Friday, 15 October 2010 17:52 Thea Forbes (Special Report)

Chiang Mai (Mizzima) – In one of its opening salvoes against the Burmese junta’s elections this year, the country’s most powerful opposition party, the National League for Democracy, announced in March it would not re-register as a political party, thereby guaranteeing it would not take part.

The party released a statement at the time saying they had “decided not to register … because the election laws … are unfair and unjust”.

Pro-democracy leader Aung San Suu Kyi also said she “would not dream” of entering the race because of its illegitimacy. Since the Burmese military regime released its new electoral laws, the election has been widely criticised as a sham.

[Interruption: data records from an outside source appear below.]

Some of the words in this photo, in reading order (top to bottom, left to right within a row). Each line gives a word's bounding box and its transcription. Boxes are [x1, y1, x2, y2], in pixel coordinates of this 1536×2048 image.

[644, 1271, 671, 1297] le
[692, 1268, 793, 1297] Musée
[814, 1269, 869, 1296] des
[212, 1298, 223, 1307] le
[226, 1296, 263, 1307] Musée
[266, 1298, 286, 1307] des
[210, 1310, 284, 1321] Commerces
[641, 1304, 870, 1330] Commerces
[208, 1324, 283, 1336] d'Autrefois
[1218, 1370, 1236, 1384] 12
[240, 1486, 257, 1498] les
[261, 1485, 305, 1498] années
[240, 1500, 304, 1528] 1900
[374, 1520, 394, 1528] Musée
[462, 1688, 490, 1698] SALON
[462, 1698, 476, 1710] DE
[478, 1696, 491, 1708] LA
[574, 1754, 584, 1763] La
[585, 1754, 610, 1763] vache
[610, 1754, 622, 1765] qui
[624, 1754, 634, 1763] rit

Many international governments and individuals within and outside Burma have called for all of Burma’s political prisoners to be released before the elections take place, in order for them to be considered democratic.

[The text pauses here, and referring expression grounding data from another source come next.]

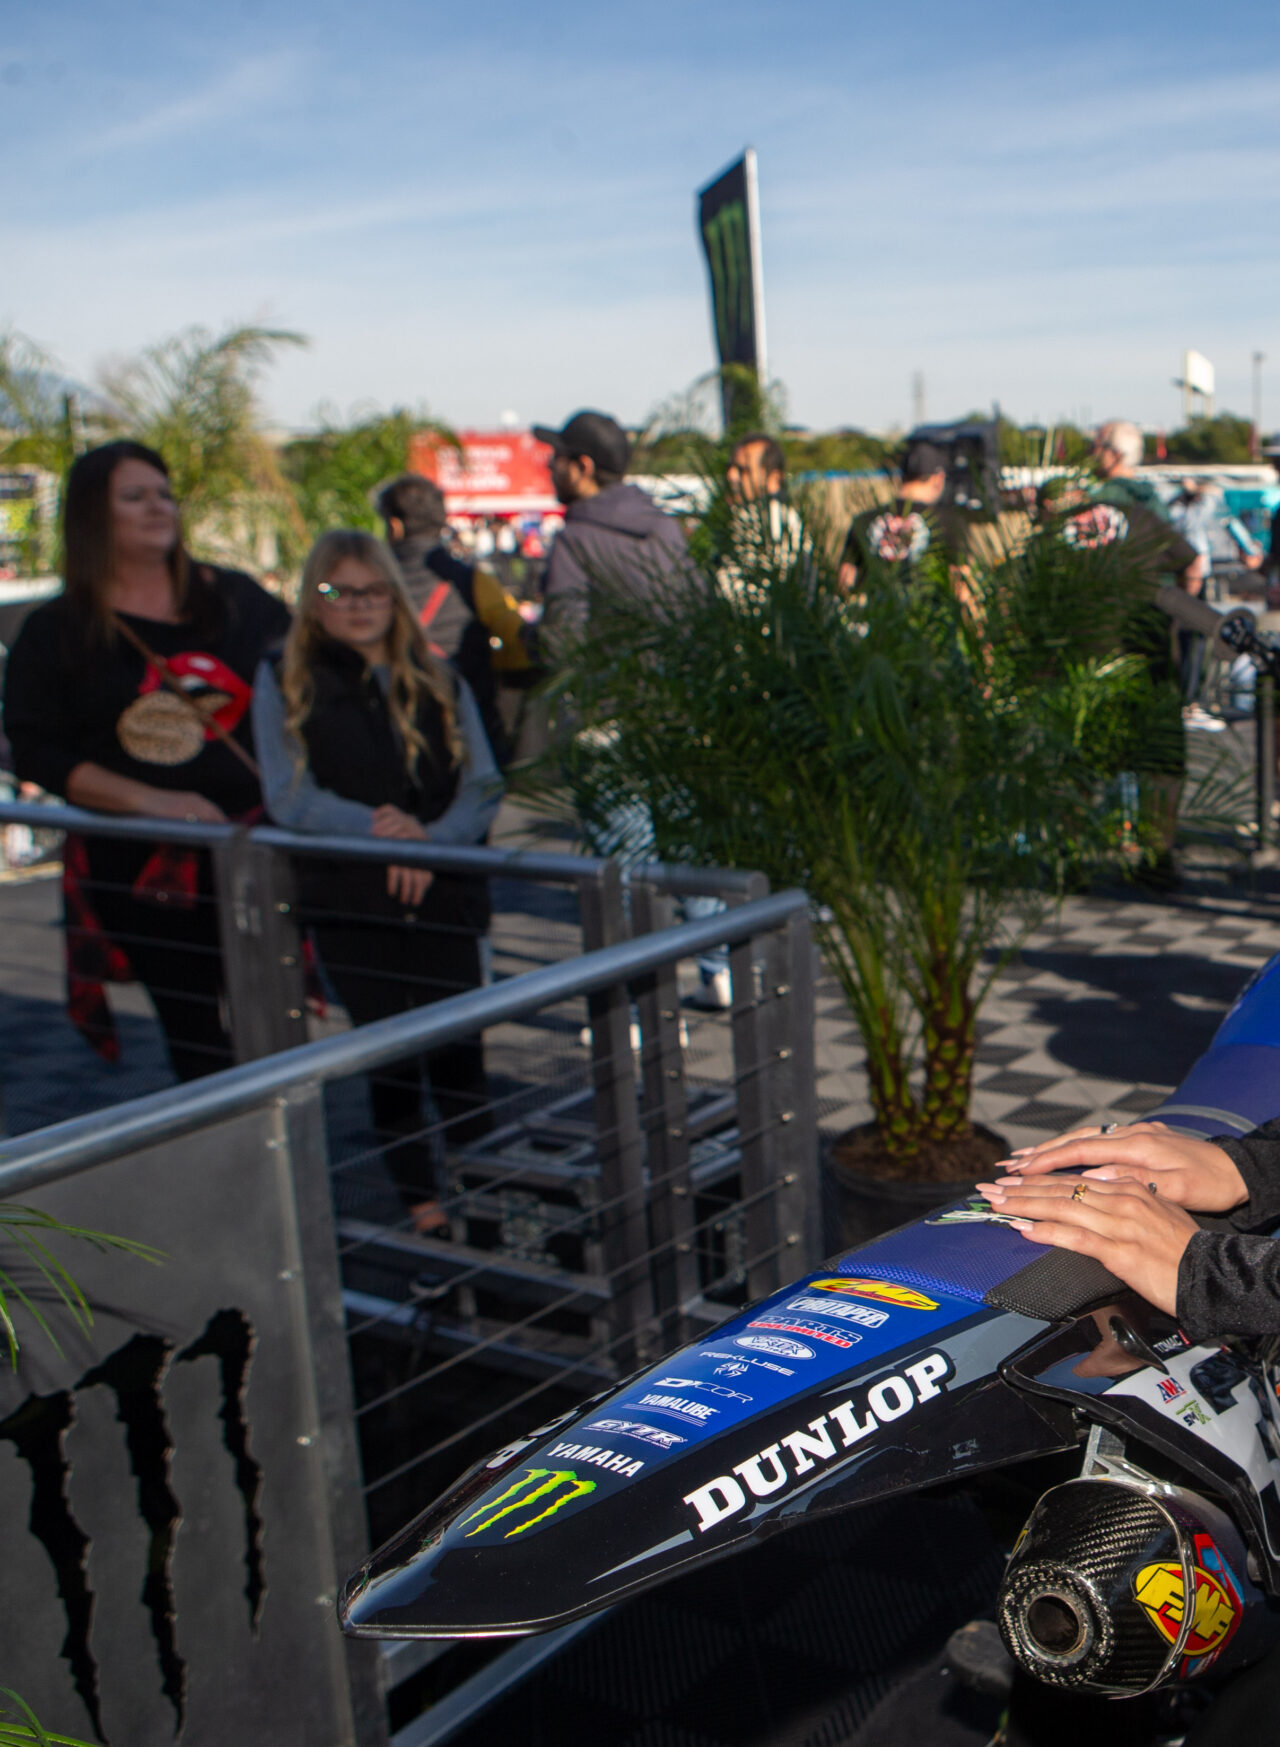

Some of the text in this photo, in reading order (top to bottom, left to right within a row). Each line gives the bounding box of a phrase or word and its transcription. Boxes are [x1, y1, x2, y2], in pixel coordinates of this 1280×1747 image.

[790, 1299, 885, 1327] PROTAPER
[747, 1321, 853, 1349] UNLIMITED
[757, 1315, 863, 1344] PARTS
[699, 1351, 797, 1377] REKLUSE
[1156, 1376, 1186, 1402] AMA
[638, 1394, 718, 1420] YAMALUBE
[586, 1419, 684, 1447] GYTR
[682, 1353, 949, 1533] DUNLOP
[546, 1442, 646, 1478] YAMAHA

The following is the first in a series of reports in which Mizzima will examine what constitutes a “free and fair’ election by international standards.

The components can be divided into 16 different categories according to International IDEA, (the Institute for Democracy and Electoral Assistance) and various other intergovernmental organisations that promote sustainable democracy and efficient, “free and fair” elections around the world. The following points are a compilation of what they feel is required for a country to meet these standards.

International recognition
International standards for free and fair democratic elections have their foundations in the fundamental freedoms and political rights within various international conventions such as the 1948 Universal Declaration on Human Rights and the 1966 International Covenant on Civil and Political Rights.

Legal framework
The legal framework is the basis for the regulation of the election process. It comprises the electoral law regarding voter registration, political parties and candidates and the media. The framework for elections should be transparent and understandable and approach all the issues of an electoral system necessary to create democratic elections.

Electoral system
The electoral system in place within a country should guarantee political inclusiveness and representation. It should provide a clear electoral formula for transforming votes into legislative seats.

Electoral watchdog
The most important elements of a free and fair election lie in the independence and impartiality of a country’s electoral watchdog or election commission to monitor the efficiency, effectiveness, professionalism and transparency of the electoral processes.

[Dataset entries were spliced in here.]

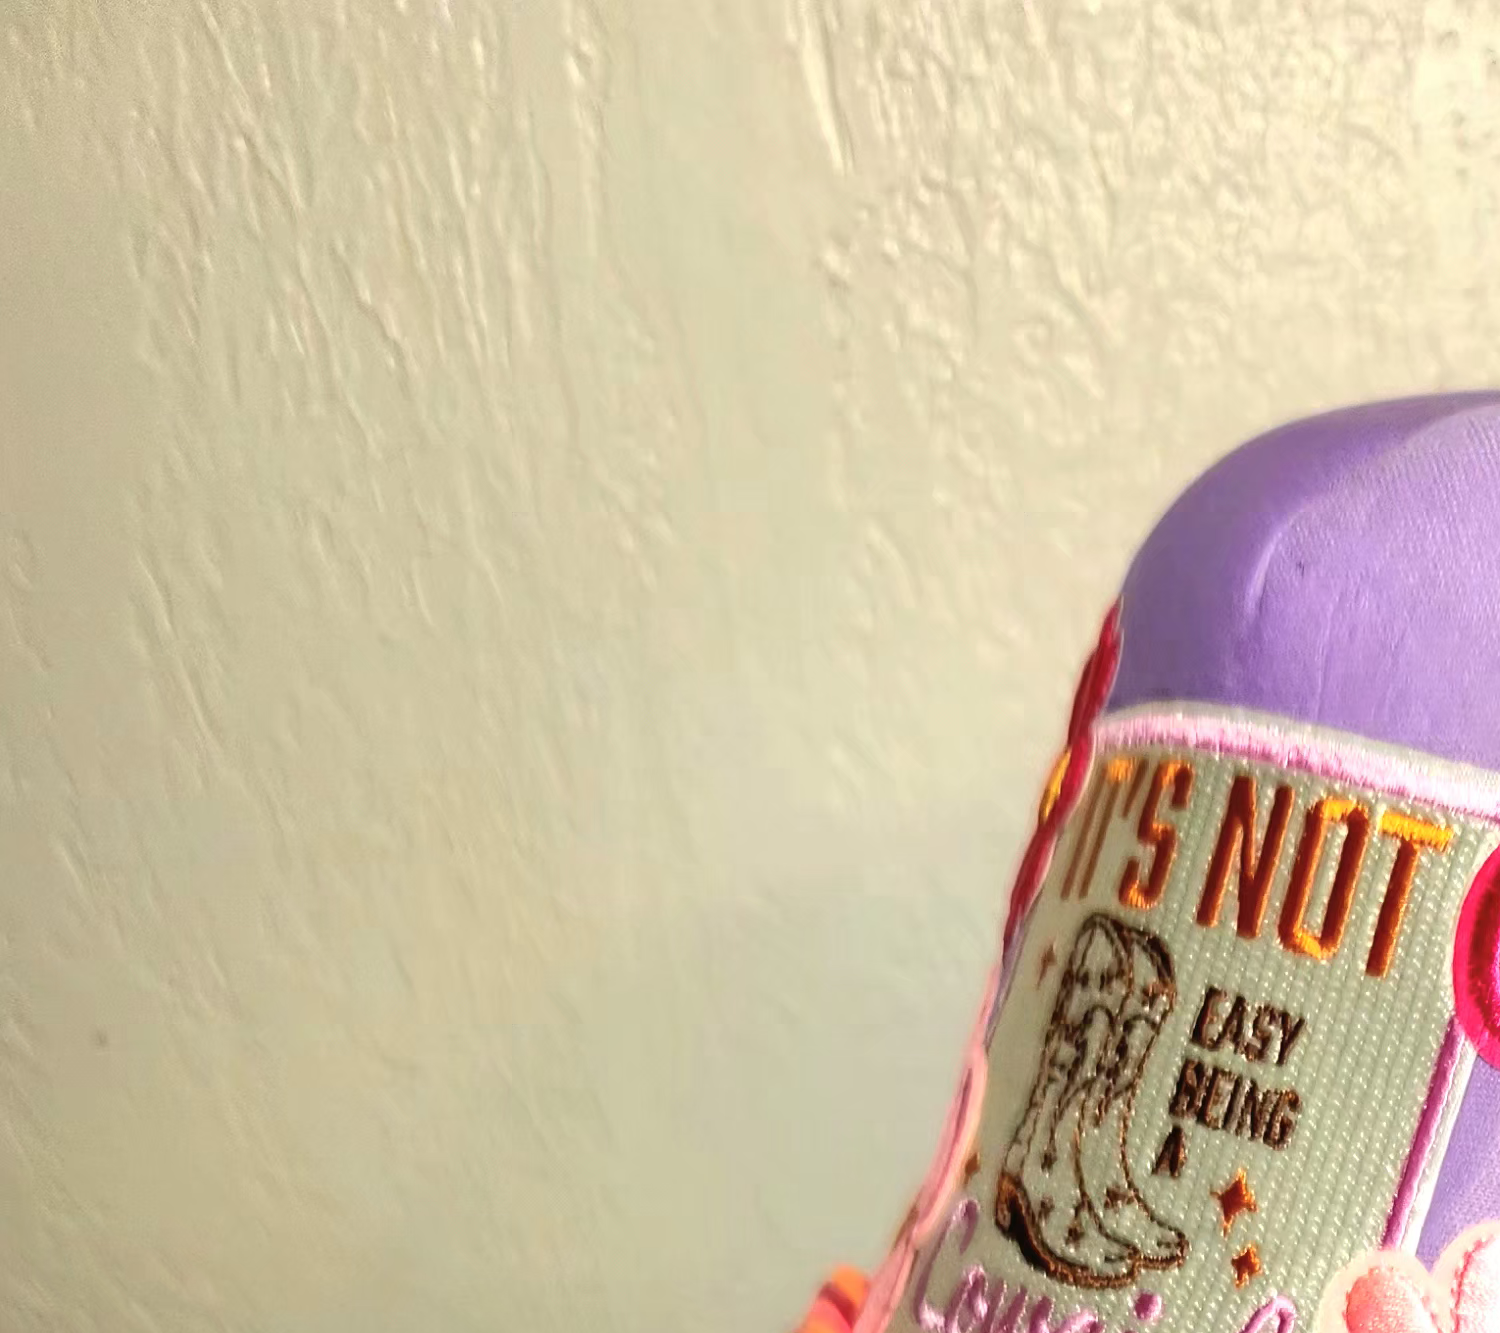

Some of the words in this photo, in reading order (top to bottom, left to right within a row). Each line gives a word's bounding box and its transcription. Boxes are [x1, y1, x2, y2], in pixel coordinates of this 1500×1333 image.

[1059, 756, 1194, 911] IT'S
[1195, 774, 1455, 979] NOT
[1190, 985, 1306, 1067] EASY
[1168, 1057, 1303, 1151] BEING
[1150, 1123, 1188, 1180] A

The duties and functions of such a body are:

To ensure that election officials and staff are well-trained and are independent of any political interest,
To ensure the voting public are educated about election processes, voting procedures and contesting political parties and candidates,
To ensure the registry of voters and upkeep of voter registers.
To ensure the integrity of the ballot via maintaining the secrecy of the vote, by insuring against fraudulent voting and by ensuring a transparent process for lawful collection and counting of the votes.

Right to elect and be elected
There should be no discrimination on account of colour, race, sex, language, religion, political views, ethnic minority status, property or birth that could eliminate an eligible citizen’s right to vote or right to contest the elections. All eligible citizens should be guaranteed the right to equal voting and the right to contest the elections without any discrimination.

Voter registration and registers
Voter registers should be maintained with transparency and accuracy. The right of an eligible voter to register should be protected, and the prevention of unlawful or fraudulent registration or removal of voters, enacted. The voter register must be comprehensive, inclusive, accurate and up to date, and the process, fully transparent.

Political parties and candidates
All political parties and candidates should be treated equally while competing in elections. The legal framework of a democratic election should clearly provide notification of the dates for beginning and end of registration for political parties. The requirements and procedures for party and candidate registration should be based on reasonable, relevant and objective criteria.

Democratic electoral campaigns
Each political party and candidate has the right to freedom of expression and freedom of association and access to the electorate.

The electoral system should ensure:

There are no unreasonable restrictions on the right to freedom of expression and whatever restrictions there are that they be set out in the law,

Every party and candidate has equal access to the media to undertake their campaign,
Every party and candidate should have equal access to finance for a credible election campaign,
No party or candidate should be favoured, financially or through other resources,
No party or candidate incites or threatens violence to another party or candidate,
All parties and candidates should cease campaigning one or two days before polling day.

Media access and freedom of expression
The legal framework for elections should ensure that all political parties and candidates have access to the media and equal treatment in media owned or controlled by the state. Freedom of expression should be upheld in election campaigns and no party or candidate should be discriminated against in terms of access to the media or freedom of expression. The ruling party should not have unfair dominance of media coverage.

Campaign finance and expenditure
All parties and candidates should be treated equally by the institute governing campaign finances and expenditure. If public funding is distributed among parties and candidates it should be proportionately and equally distributed. Limitations on funding of campaigns should be reasonable and equal among each party and candidate. Political finance laws should be adequately and effectively enforced.

Balloting
Polling stations should be accessible and there should be accurate recording of ballots. The secrecy of the ballot should also be guaranteed. Sufficient provisions for the security of all ballots and voting materials before, during and after voting should be provided by the legal framework. Safeguards should be put in place to prevent fraudulent voting or double voting. The routine entry of police or armed forces into the polling station should be prohibited except when they themselves are voting.

Counting votes
All votes should be counted and tabulated accurately, equally, fairly and transparently. A democratic electoral system should ensure that the entire process for counting and tabulating votes is conducted in the presence of representatives of parties and candidates as well as election observers.

Role of the representatives of parties and candidates
For the election to maintain integrity and transparency, the legal framework must provide for independent observation by representatives nominated by parties and candidates contesting the election to observe all voting processes. These representatives are not permitted to campaign within the polling station or designated area around the polling station.

Election observers
For an election to be credible and transparent, independent electoral observers should be permitted to observe all processes of the election.

Electoral law
The legal framework for elections must set forth detailed and sufficient provisions protecting suffrage rights.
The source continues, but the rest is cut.